Work to be completed
All of the data should be copied exactly, with the pictures left out.

Dataset excerpts
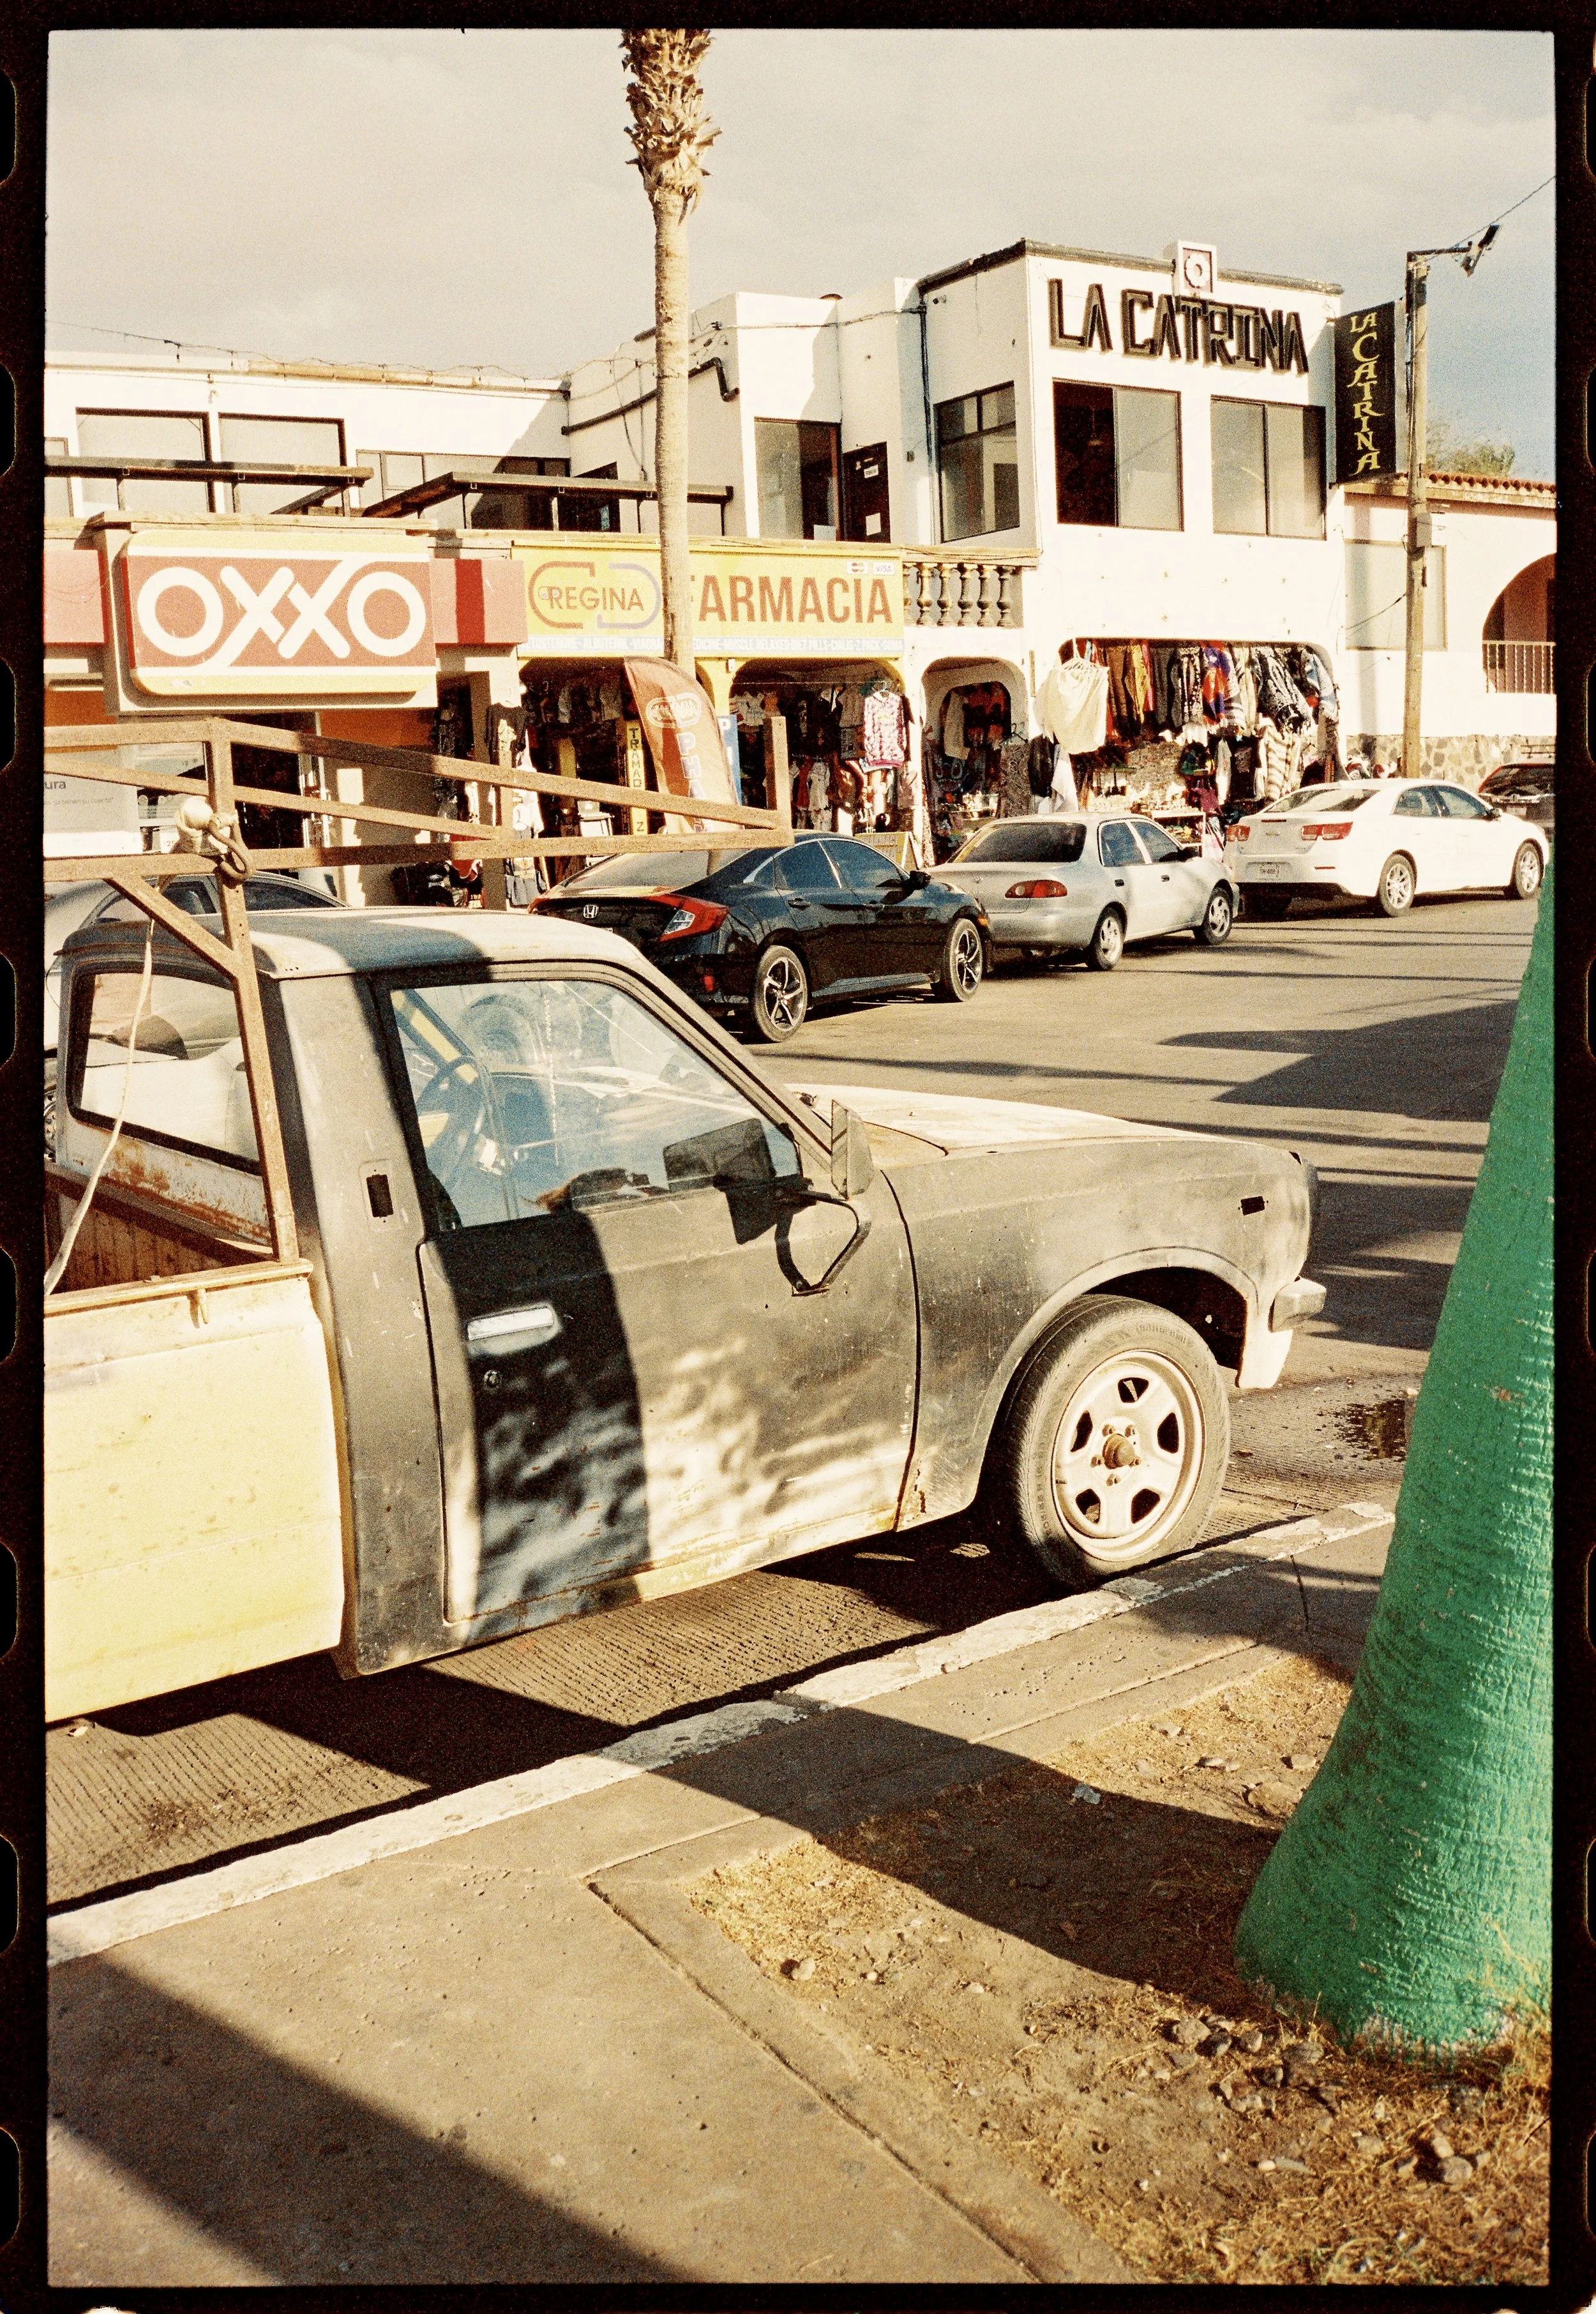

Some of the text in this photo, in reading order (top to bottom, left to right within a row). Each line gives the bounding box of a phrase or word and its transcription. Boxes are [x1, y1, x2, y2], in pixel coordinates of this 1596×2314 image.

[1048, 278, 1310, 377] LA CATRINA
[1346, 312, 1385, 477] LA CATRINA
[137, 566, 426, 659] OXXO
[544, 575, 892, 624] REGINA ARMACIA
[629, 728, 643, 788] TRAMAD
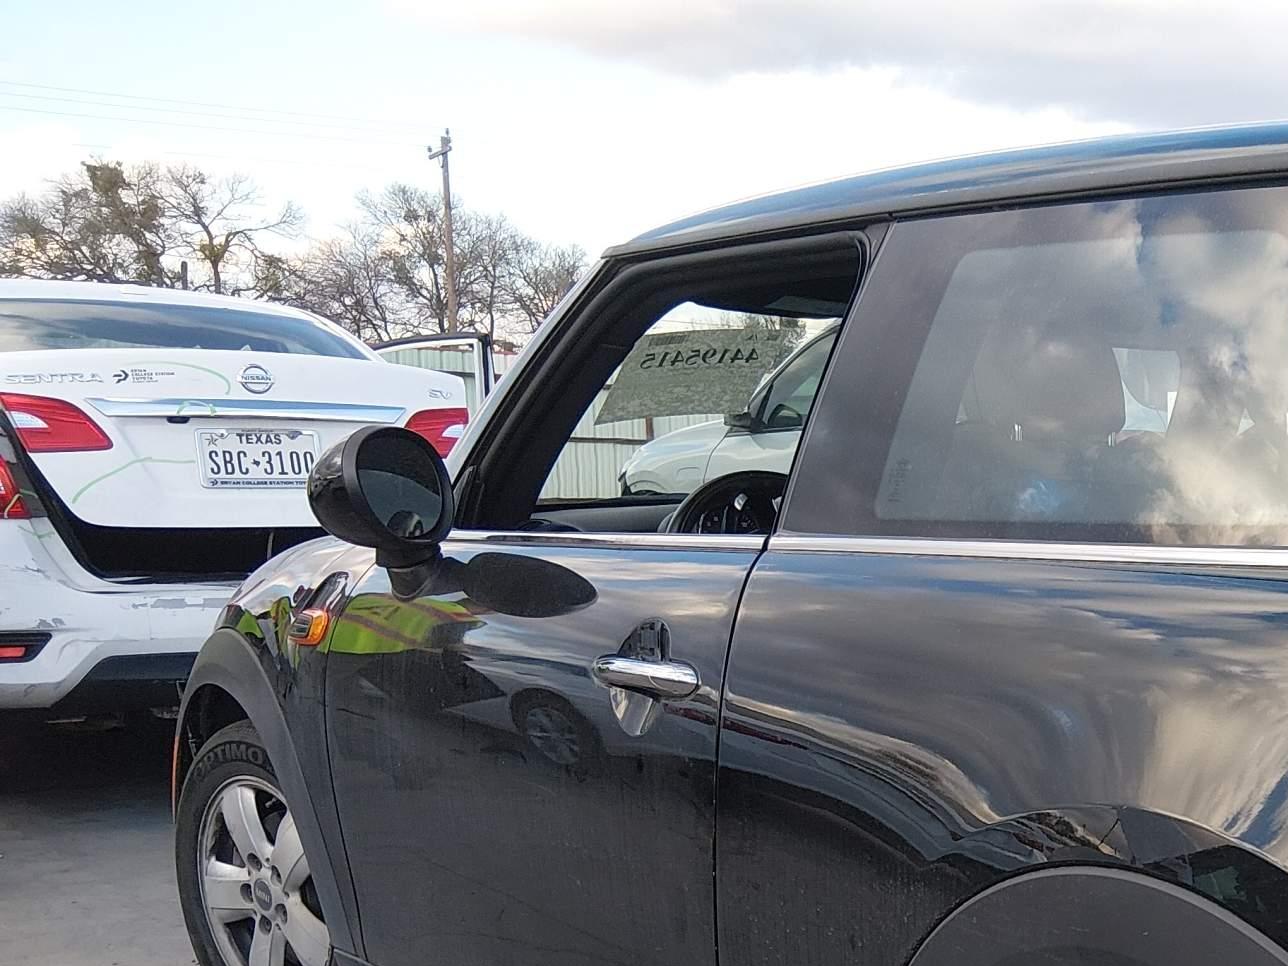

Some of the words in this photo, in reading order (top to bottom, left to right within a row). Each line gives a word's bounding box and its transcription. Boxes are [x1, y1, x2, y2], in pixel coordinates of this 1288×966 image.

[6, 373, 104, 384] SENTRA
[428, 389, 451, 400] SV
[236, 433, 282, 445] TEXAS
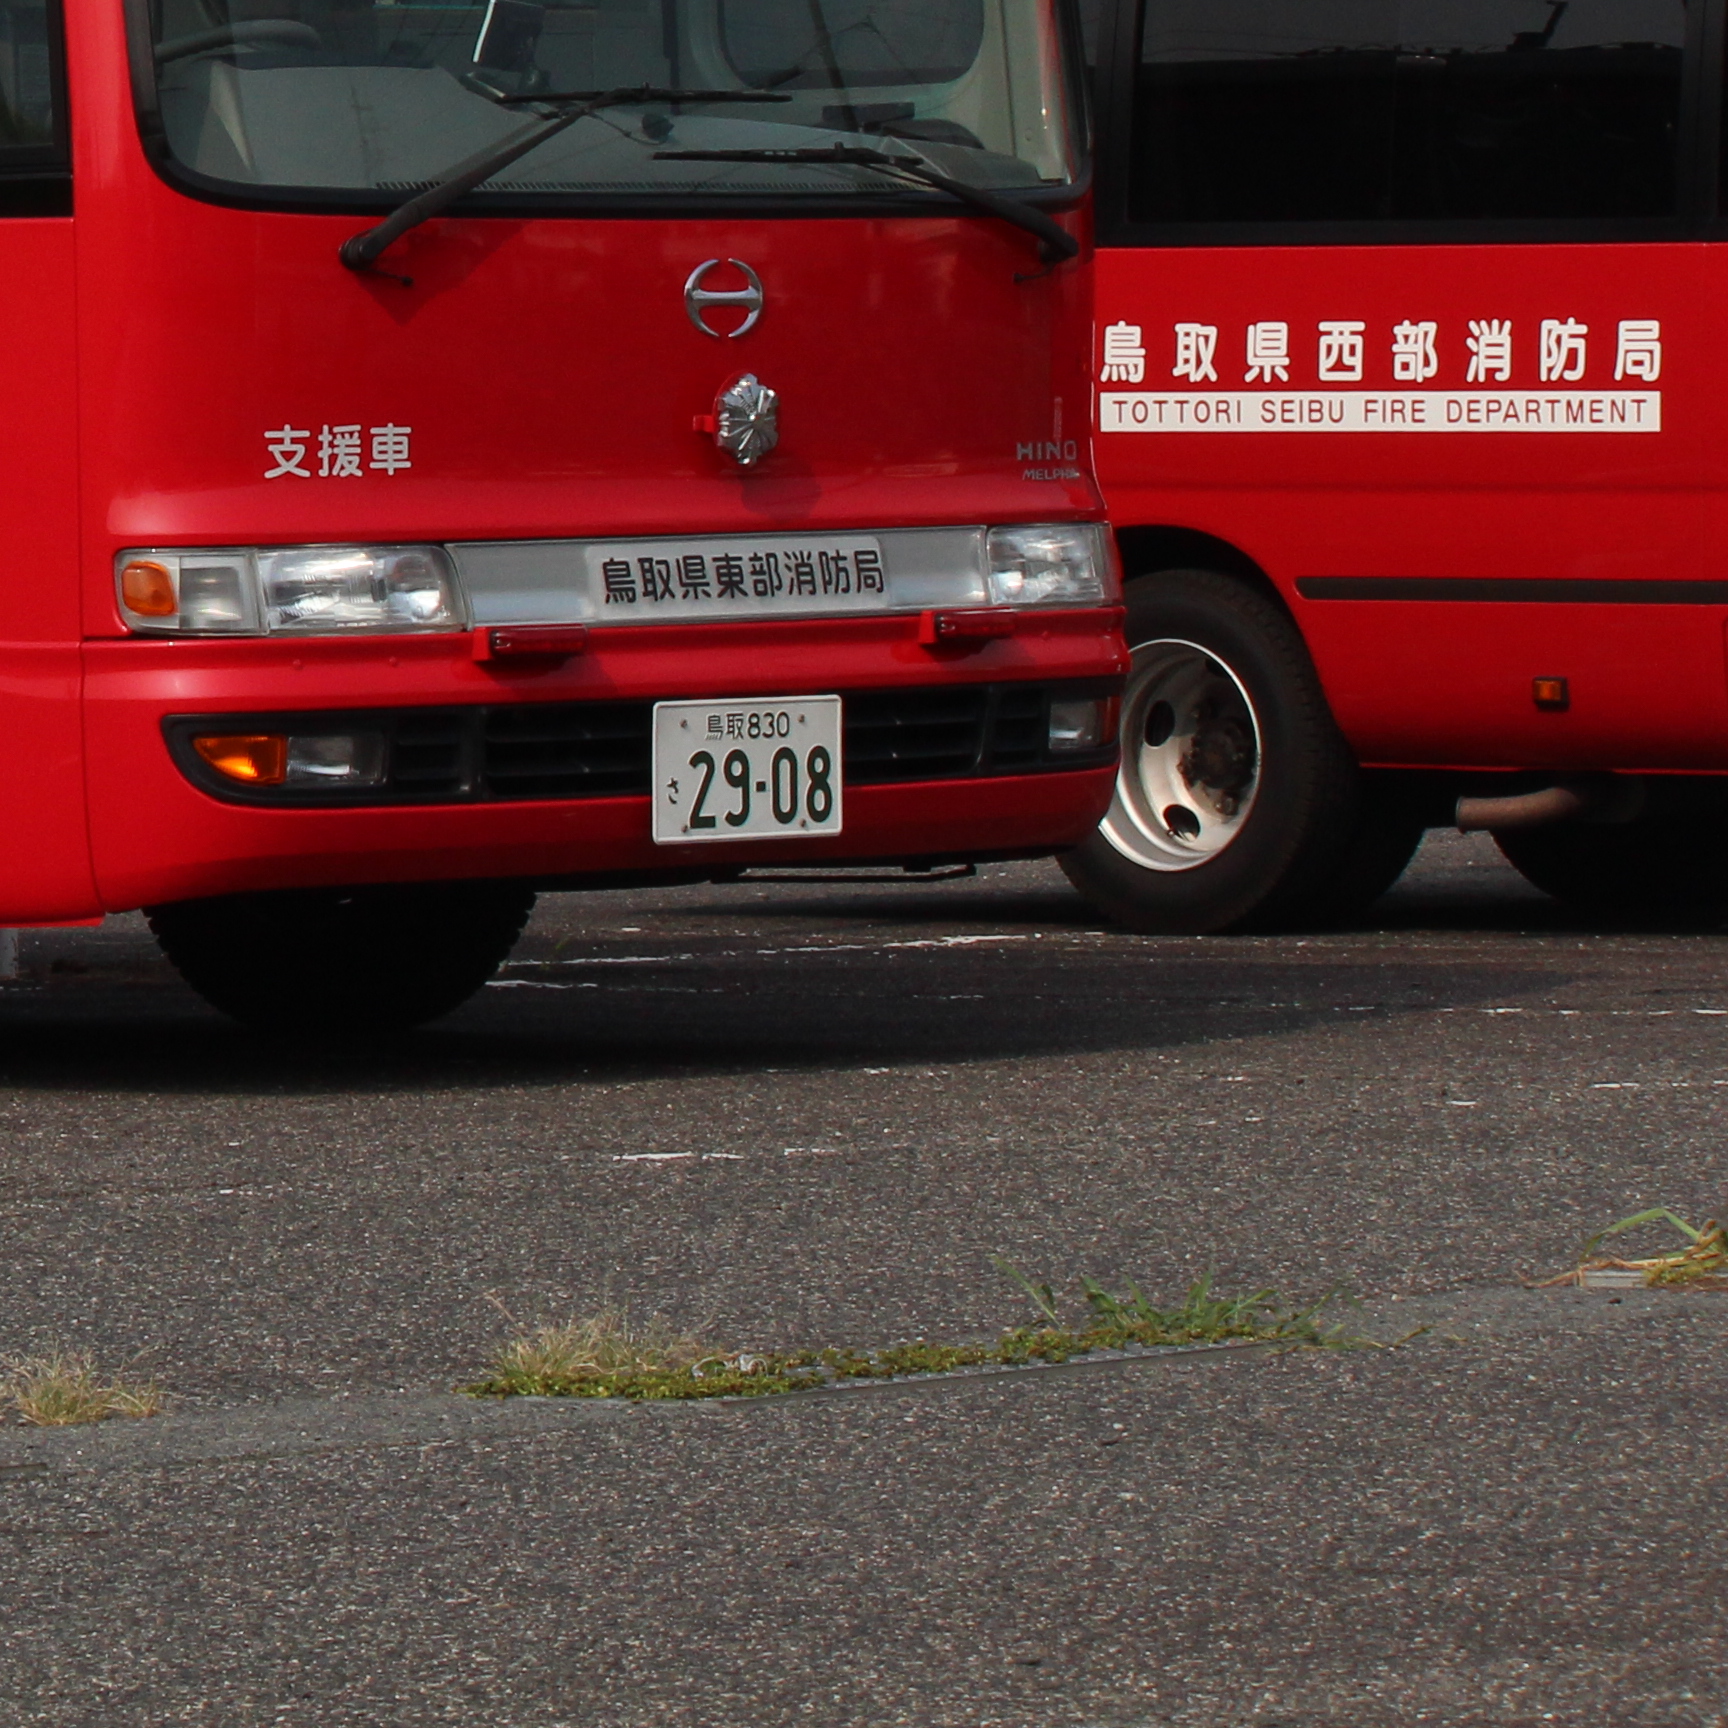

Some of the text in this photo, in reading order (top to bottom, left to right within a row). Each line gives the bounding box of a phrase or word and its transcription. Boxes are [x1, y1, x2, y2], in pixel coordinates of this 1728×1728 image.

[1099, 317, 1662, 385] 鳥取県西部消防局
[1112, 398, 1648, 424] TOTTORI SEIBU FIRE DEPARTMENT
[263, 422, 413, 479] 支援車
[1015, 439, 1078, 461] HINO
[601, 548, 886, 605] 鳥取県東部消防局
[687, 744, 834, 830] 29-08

Task output
Some of the text in this photo, in reading order (top to bottom, left to right within a row). Each line gives the bounding box of a phrase or word and its transcription. Boxes are [x1, y1, x2, y2], in pixel coordinates of this 1596×2314 image.

[1048, 278, 1310, 377] LA CATRINA
[1346, 312, 1385, 477] LA CATRINA
[137, 566, 426, 659] OXXO
[544, 575, 892, 624] REGINA ARMACIA
[629, 728, 643, 788] TRAMAD

Some of the words in this photo, in reading order (top to bottom, left to right within a row). Each line gives a word's bounding box and its transcription. Boxes are [x1, y1, x2, y2], in pixel coordinates of this 1288×966 image.

[6, 373, 104, 384] SENTRA
[428, 389, 451, 400] SV
[236, 433, 282, 445] TEXAS

Some of the text in this photo, in reading order (top to bottom, left to right within a row). Each line gives the bounding box of a phrase or word and its transcription. Boxes are [x1, y1, x2, y2], in pixel coordinates of this 1728×1728 image.

[1099, 317, 1662, 385] 鳥取県西部消防局
[1112, 398, 1648, 424] TOTTORI SEIBU FIRE DEPARTMENT
[263, 422, 413, 479] 支援車
[1015, 439, 1078, 461] HINO
[601, 548, 886, 605] 鳥取県東部消防局
[687, 744, 834, 830] 29-08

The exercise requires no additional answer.